# getting rid of chrome window lining



## Guest (Jan 8, 2003)

like the title says.... how do u get rid of the chrome trim aroudn the windows. i've seen it on several cars around the forum lately.
is there any trick to it.. something special you need to buy
thanx


----------



## Nostrodomas (Jun 15, 2002)

I wouldnt recomend removing it. If you want to try painting it black, to match the rubber. Or whatever color you would like.
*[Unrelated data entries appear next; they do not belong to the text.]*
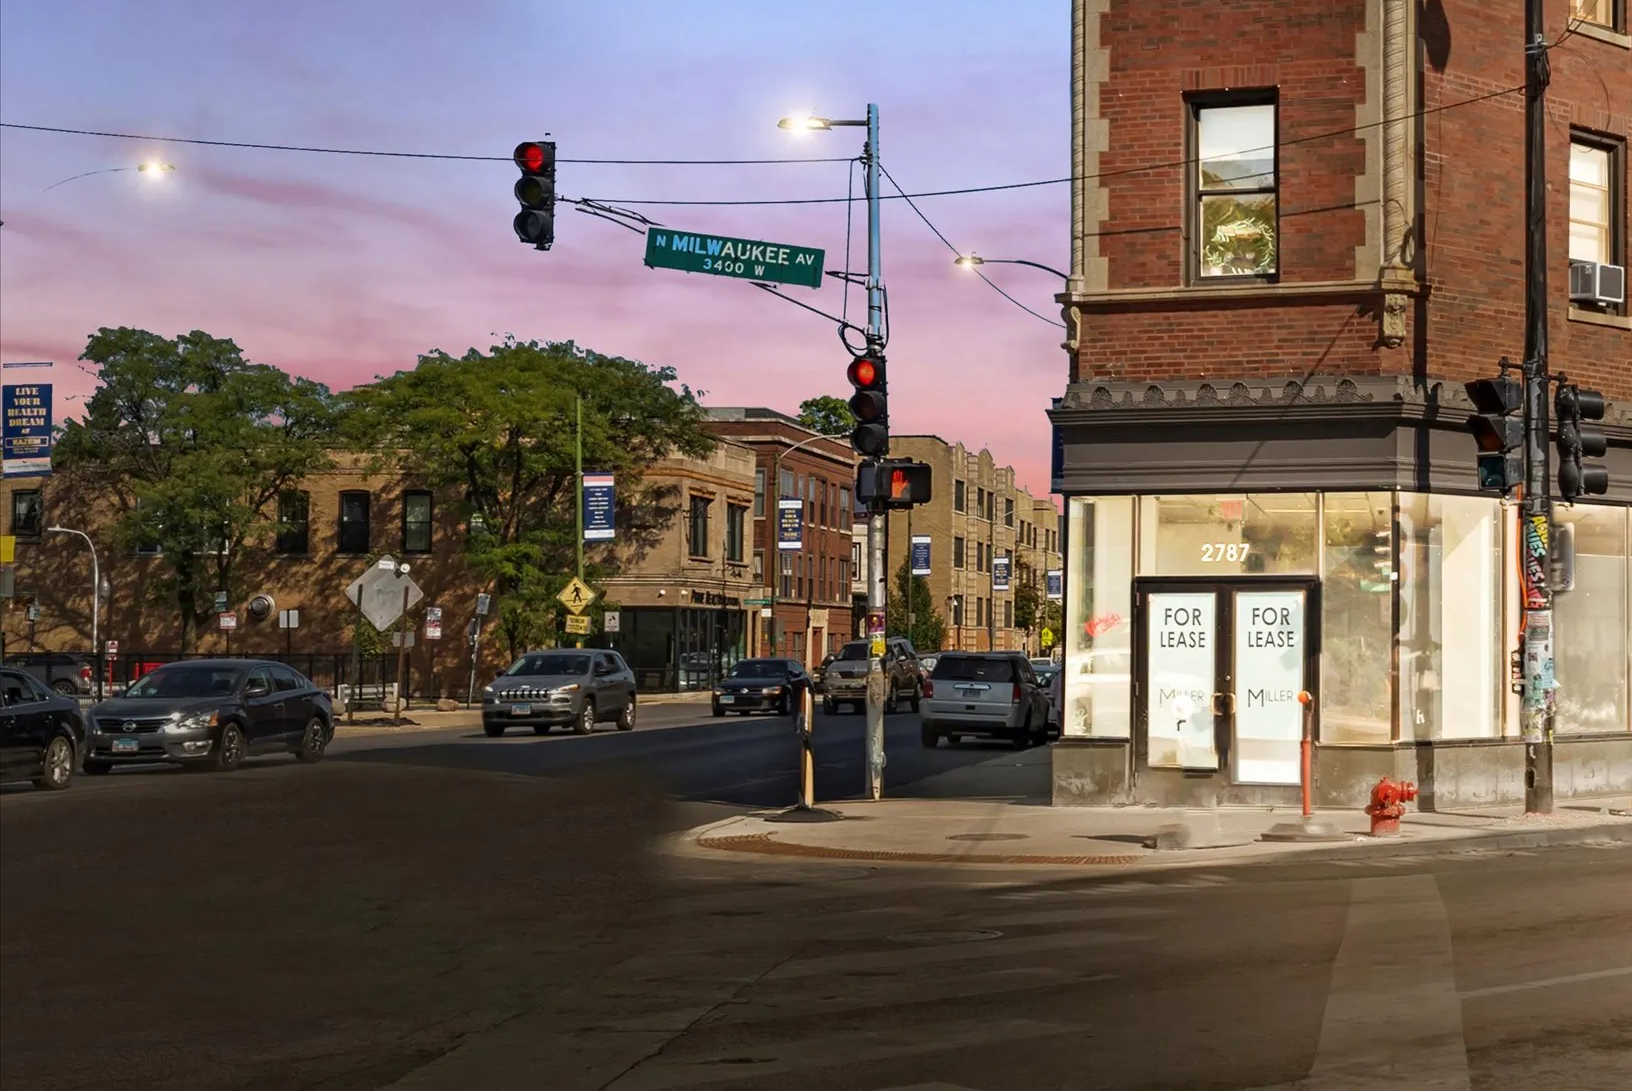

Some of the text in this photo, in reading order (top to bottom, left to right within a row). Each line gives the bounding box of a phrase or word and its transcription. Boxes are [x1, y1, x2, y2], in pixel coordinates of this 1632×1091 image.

[656, 234, 815, 266] N MILWAUKEE AV
[703, 258, 765, 277] 3400 W
[15, 387, 39, 396] LIVE
[14, 397, 41, 406] YOUR
[7, 407, 47, 416] HEALTH
[9, 417, 45, 427] DREAM
[1200, 543, 1250, 562] 2787
[1164, 608, 1202, 626] FOR
[1252, 607, 1290, 626] FOR
[1160, 631, 1206, 648] LEASE
[1248, 631, 1295, 648] LEASE
[1248, 688, 1294, 708] MILLER
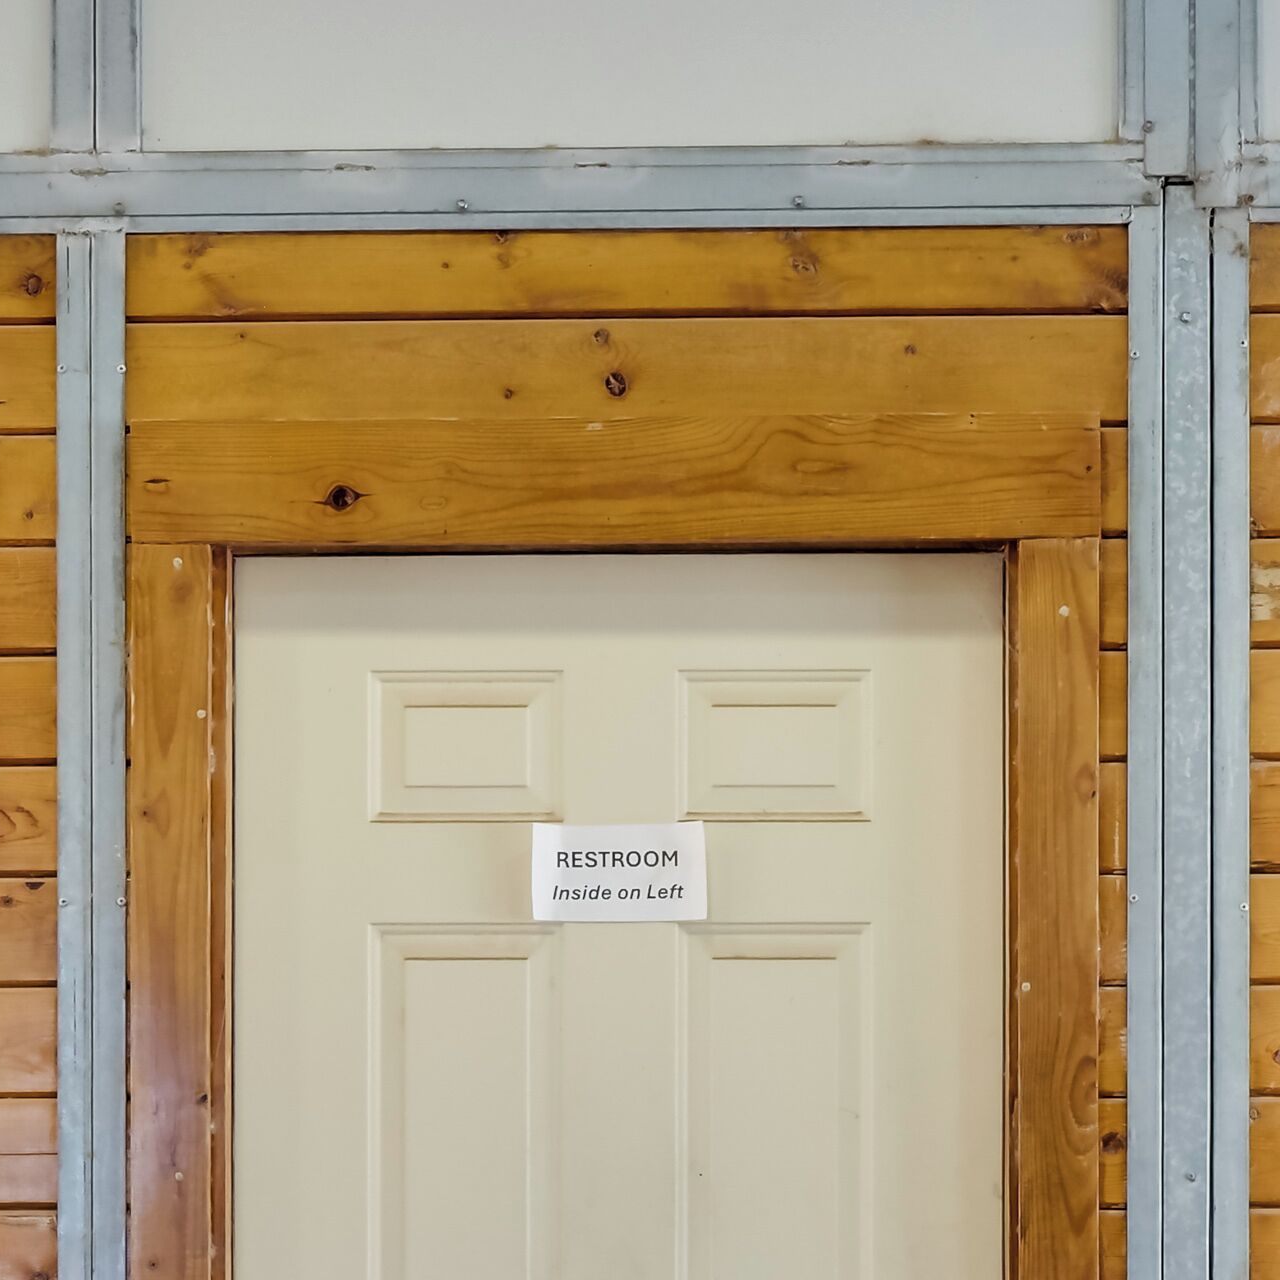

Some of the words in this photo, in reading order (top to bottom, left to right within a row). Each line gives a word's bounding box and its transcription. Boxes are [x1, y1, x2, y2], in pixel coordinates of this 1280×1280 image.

[556, 850, 679, 868] RESTROOM
[552, 884, 612, 901] Inside
[617, 887, 641, 900] on
[647, 883, 684, 899] Left
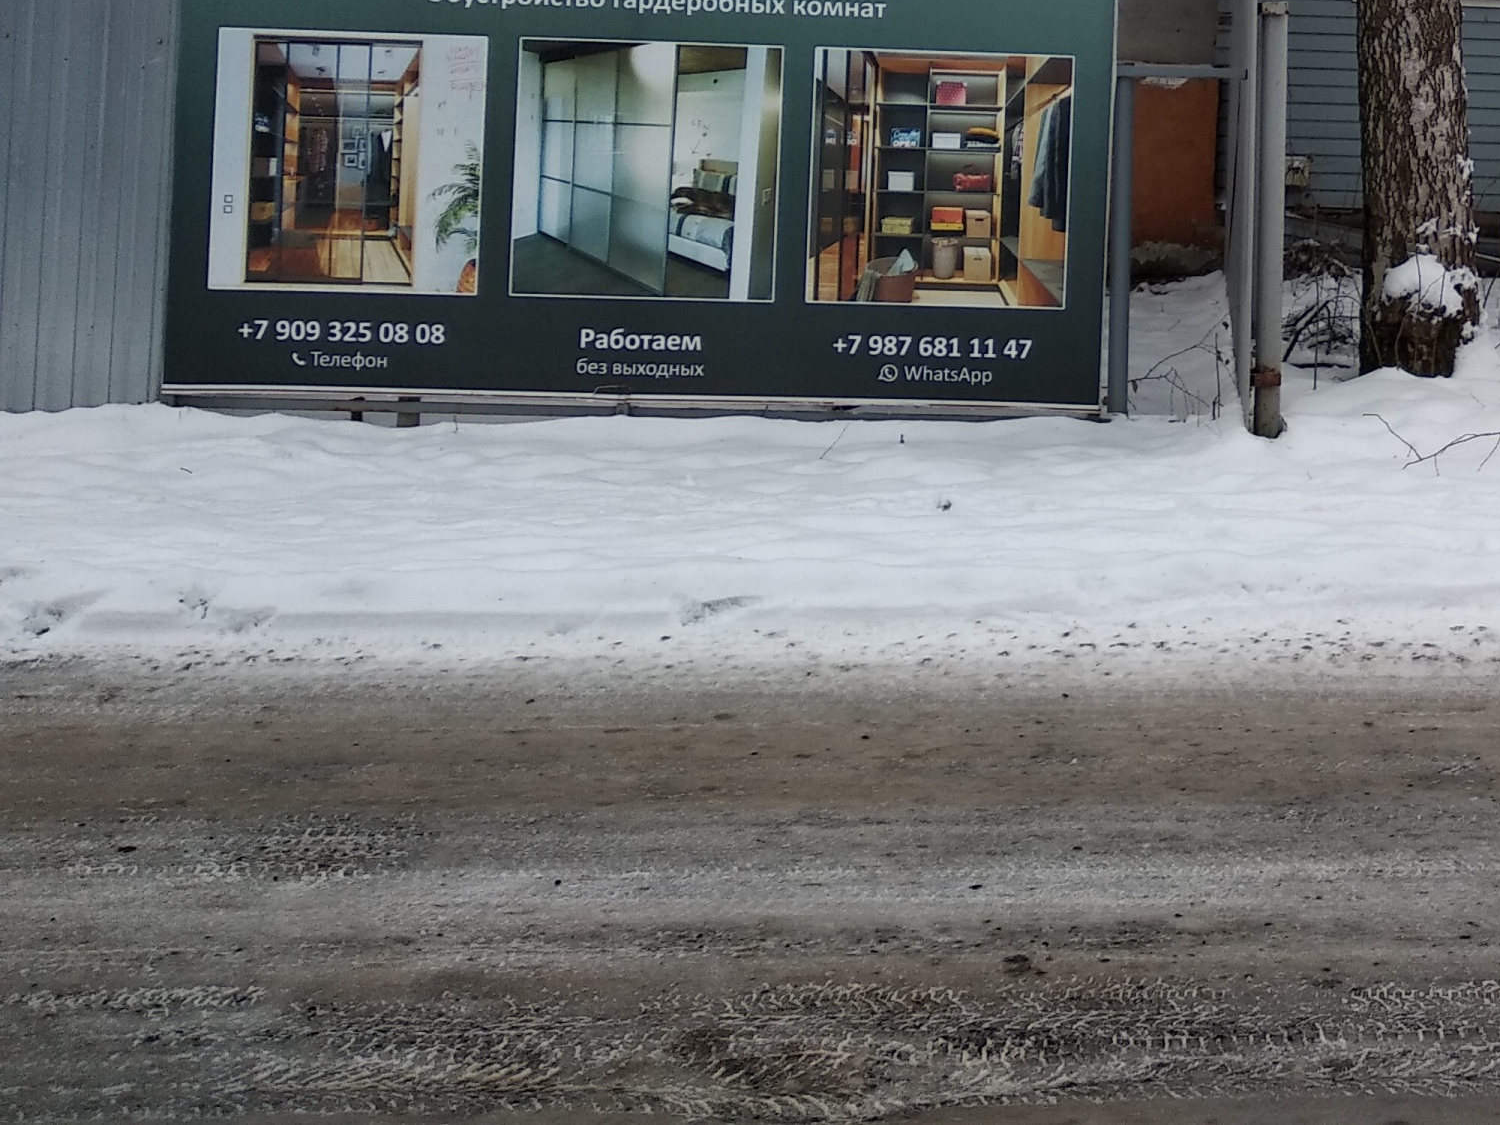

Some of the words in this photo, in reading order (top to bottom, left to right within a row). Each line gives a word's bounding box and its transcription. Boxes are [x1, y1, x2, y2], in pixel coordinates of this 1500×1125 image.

[793, 0, 887, 19] комнат
[237, 319, 269, 340] +7
[275, 320, 321, 341] 909
[327, 321, 372, 343] 325
[379, 322, 409, 344] 08
[415, 323, 445, 345] 08
[579, 328, 702, 351] Работаем
[832, 334, 862, 355] +7
[868, 335, 912, 356] 987
[918, 336, 961, 358] 681
[969, 338, 997, 359] 11
[1002, 339, 1033, 360] 47
[310, 350, 388, 371] Телефон
[576, 357, 608, 376] без
[613, 361, 705, 379] выходных
[904, 365, 993, 386] WhatsApp
The reason you might not want to remove it is because there is an aweful mess undernieth that chrome.


----------



## JayL1967 (Apr 30, 2002)

Check this thread http://www.nissanforums.com/showthread.php?s=&threadid=12527


----------



## wes (Apr 30, 2002)

*right*

If your that interested the later model cars had black window trim from the factory. Vinyl is probably the easiest way to cover yours though.


----------



## Guest (Jan 9, 2003)

does anyone have any advice as to replacing it with the black vinyl everyone is talking bout putting over it?.. where do u get it .. an what is it?


----------



## V i V i D 200sx (Sep 17, 2002)

yeah, i think post '97 came w/ it... but i just went to autozone and got black vinyl stuff that comes on a 10 foot "fruit by the foot" style thing... 2 or 3 bucks. check out my page. you can tell its coverd, cuz theres seams, but its only noticable upon inspection


----------



## Guest (Jan 12, 2003)

is it like tape?... or what?...are you cutting a little piece out or something?,.,,,


----------



## V i V i D 200sx (Sep 17, 2002)

yeah, its exactly like tape. kinda like really wide electrical tape. should i get closer pictures and post them on my page?


----------



## dry (Oct 21, 2002)

I was pesemistic about buying that stuff but now I'll give it a shot


----------



## Guest (Jan 14, 2003)

V i V i D 200sx said:


> *yeah, its exactly like tape. kinda like really wide electrical tape. should i get closer pictures and post them on my page? *


 yes that would help a bunch to get some close ppics. i am veryskeptical about that. please get some up close ppictures thanx


----------



## myoung (Apr 15, 2002)

something you might want to check but you may be able to get the later year moldings from Nissan...Greg at Mossy should be able to give you a price...but yeah I know what you mean everytime I look at it on Project 200SX I'm thankful it came in black...


----------



## myoung (Apr 15, 2002)

*pic*

pic


----------



## Guest (Jan 14, 2003)

how easy is it to change?... i get rip it out.. clean it up and reapply new with some glue?


----------



## Pgunga (Jan 8, 2003)

Don't bother with that. It is something you notice not anyone else.


----------



## V i V i D 200sx (Sep 17, 2002)

i would like to do that, but it seems like way too much trouble just for something small like that. i dont even want to keep my car anyway


----------



## andre (Apr 30, 2002)

Pgunga said:


> *Don't bother with that. It is something you notice not anyone else. *


But isn't that the REAL point?


----------



## Guest (Jan 15, 2003)

that.. plus wwe have be talking baout this for two pages now and he butts in an says dont bother.. ok.. i guess so...j/j


----------



## dono200sx (May 2, 2002)

Pgunga said:


> *Don't bother with that. It is something you notice not anyone else. *


I agree that few others are going to notice it. But then again, don't people modify their car to suit their tastes, not someone else's?  The chrome irritates me almost everytime I look at the car. Then again, I planed on fixing that by getting chrome wheels, and possibly having the door trim (the line that runs through the middle of your door) painted as close to chrome as I can get it. Then I think the window lining might actually fit the car. Black and chrome look good when balanced to me. 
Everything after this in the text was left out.